Read The Evidence Against Her Online
Authors: Robb Forman Dew
Tags: #Literature & Fiction, #Genre Fiction, #Family Saga, #Historical, #Sagas, #Historical Fiction, #World
Agnes did the best she could in the outdated farmhouse kitchen and with the ingredients she could find. When she was finished she left the kitchen immaculate, and she stopped to admire the really beautiful meringue that topped the pie she had made. Mrs. Longacre had told her the secret was a copper bowl and cream of tartar, both of which she had no trouble finding on the open shelves. The meringue hadn’t wept or cracked, it was high and lapped with glossy brown peaks. And for a little while that afternoon she was enormously gratified by the surprise of everyone who slowly gathered on the back lawn. Warren and Lily and Marjorie were suitably complimentary. Agnes’s mother-in-law and Audra Scofield and Mr. and Mrs. Hockett, who had come back from Port Clyde with them, were really and truly impressed.

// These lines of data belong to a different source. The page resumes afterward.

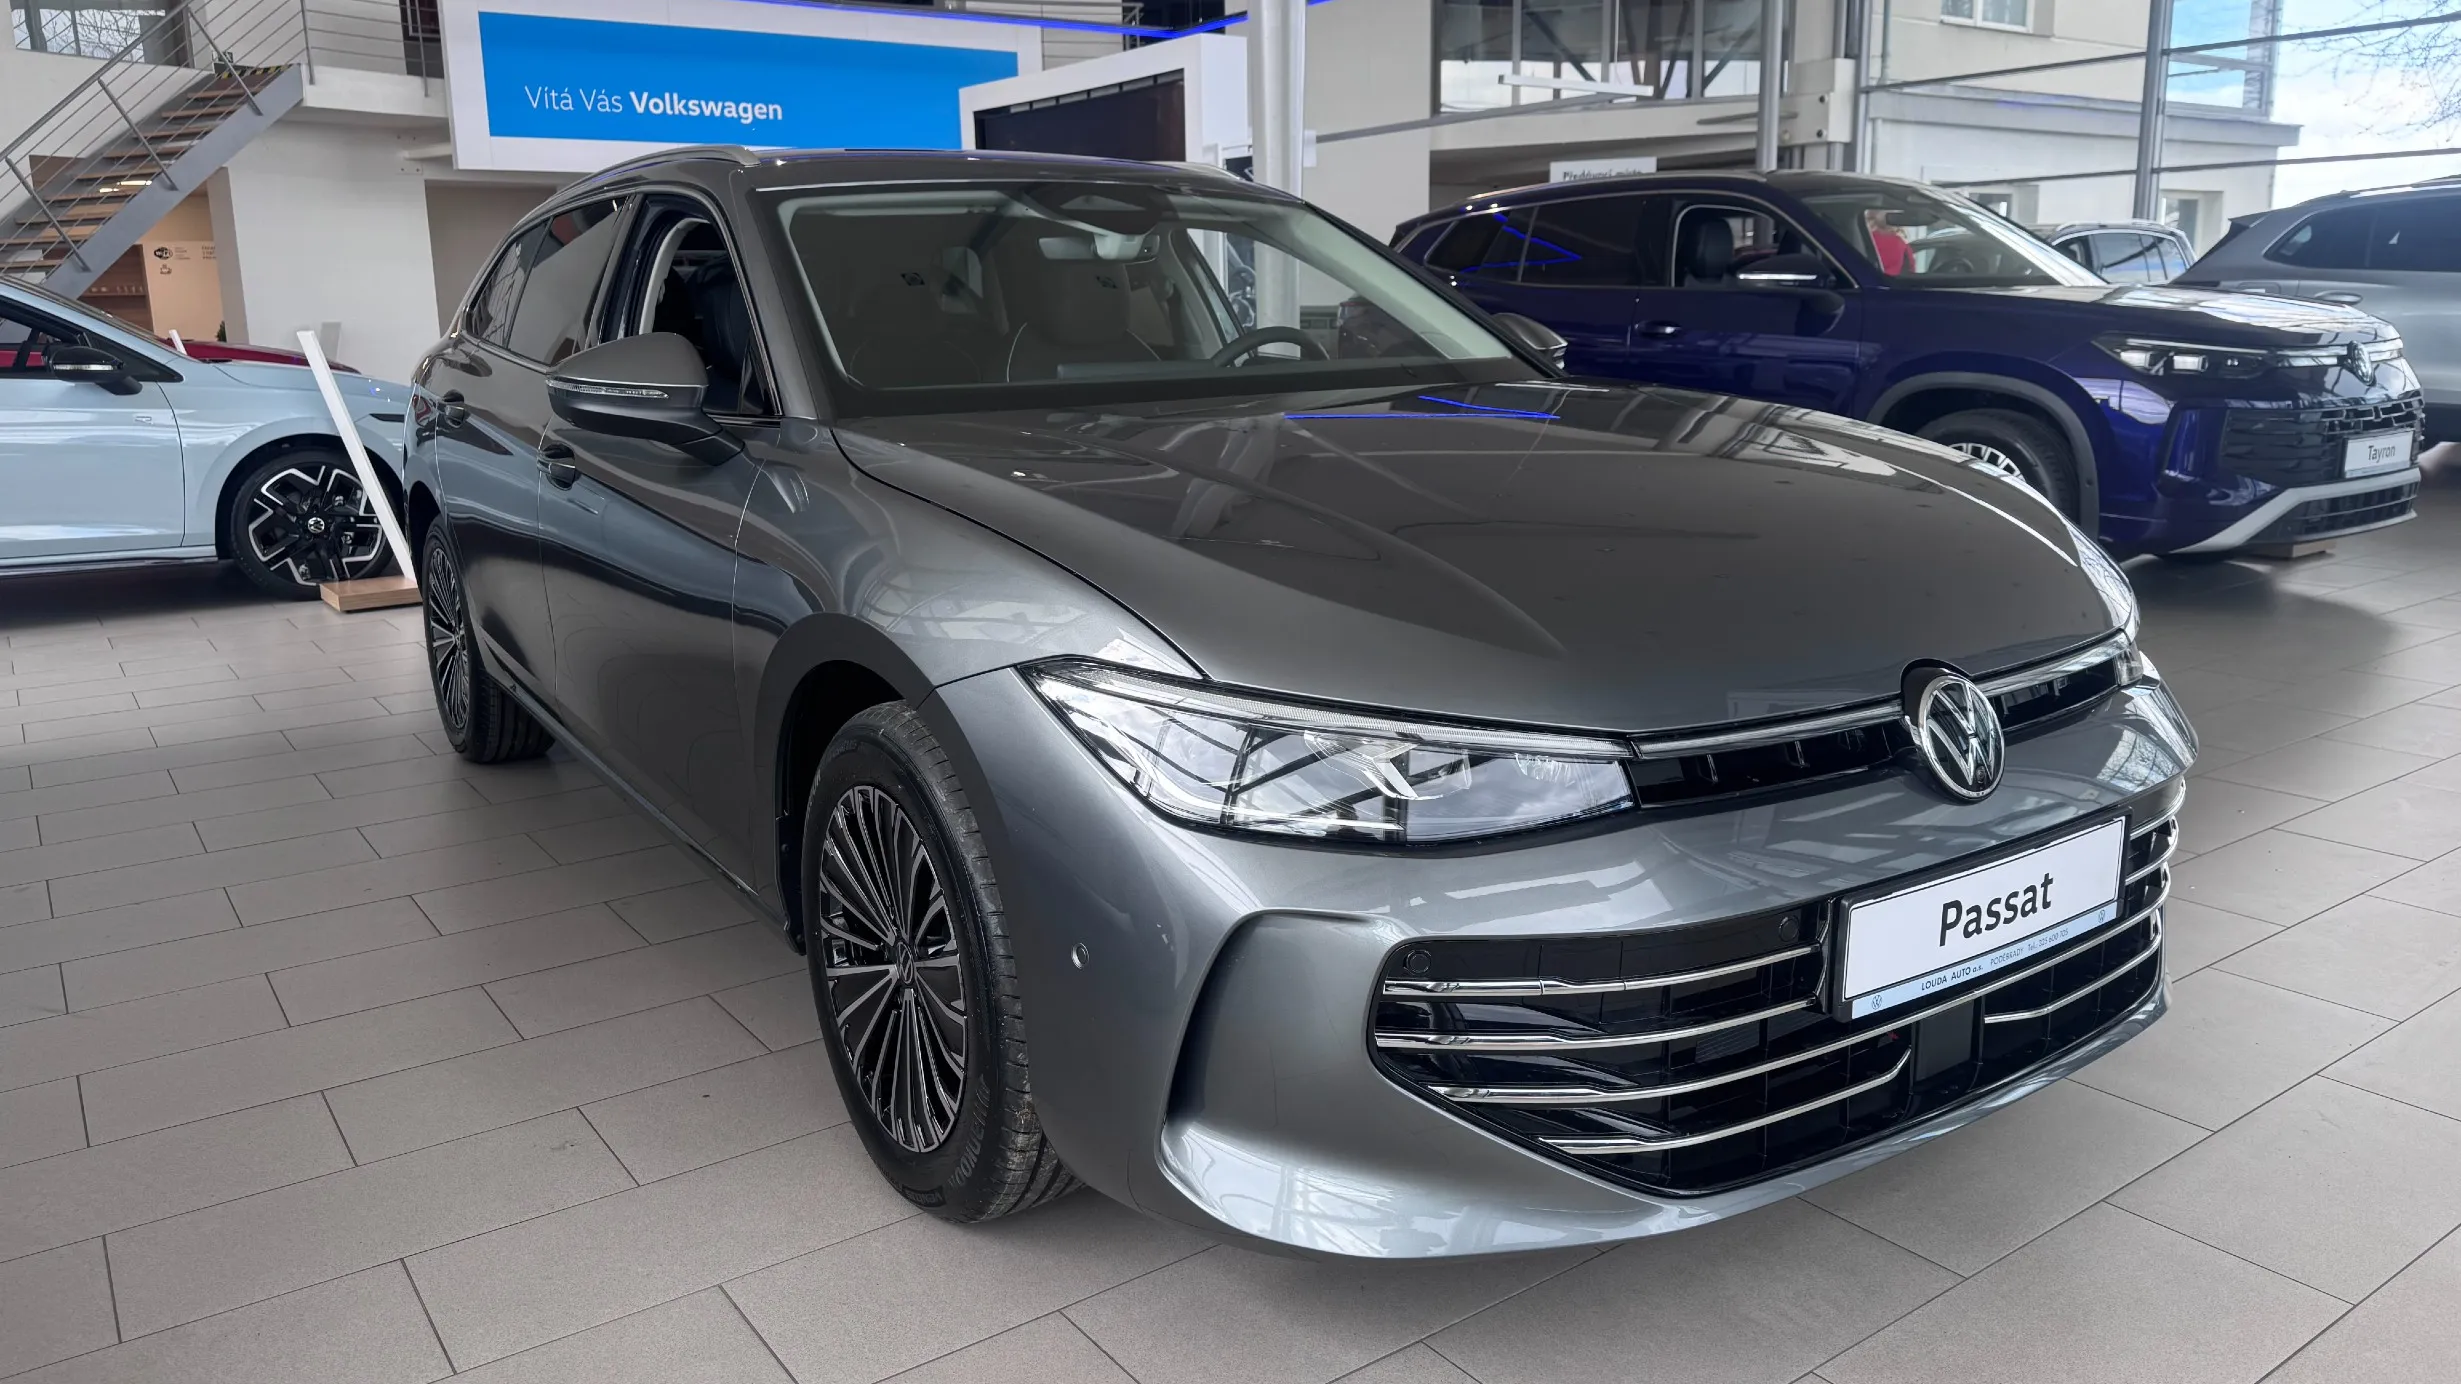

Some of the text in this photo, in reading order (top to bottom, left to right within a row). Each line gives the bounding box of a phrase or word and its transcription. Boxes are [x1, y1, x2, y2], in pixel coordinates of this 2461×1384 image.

[524, 86, 783, 125] Vítá Vás Volkswagen
[2367, 445, 2396, 463] Tayron
[1939, 872, 2054, 947] Passat
[1921, 975, 1948, 991] LOUDA
[1951, 966, 1971, 981] AUTO

“Why, Agnes, I had no idea you could cook like that. And how nice of you, dear,” Lillian Scofield said to her, truly proud of her son’s wife. “You shouldn’t have gone to such trouble . . . . Now
you
must cut it. I don’t want to be the one who cuts into that beautiful meringue.” Agnes had cut and served the pie, having to parcel out rather small slices since, with Mr. and Mrs. Hockett, they were eight.
“I should have made two pies, but there weren’t very many eggs,” she said, meaning to spare the Hocketts the possibility of feeling responsible for the portions’ being so small, but by then Mr. Hockett was telling a tale of a trip to Brazil he and his wife had made. “. . . we always made a run with a cargo of ice and apples and hoped to arrive before Christmas. It’s warm then in Rio, you see . . . .”
So Agnes took her own smallest piece along and sat with her husband and Marjorie and Lily on a blanket spread out on the grass. Agnes took a careful bite, and decided it was quite good and glanced up with relief, only to see that Warren and Marjorie were lost in amusement. Marjorie had flushed deep red with the effort not to laugh while trying to swallow. And Warren did laugh. “This certainly isn’t anything like
your
pie, Lily,” he said.
“No, no,” Marjorie said, her eyes actually tearing with the effort of repressing her laughter. “You still hold the crown, Lily. Now, if Agnes wants to try her hand at fried chicken . . .”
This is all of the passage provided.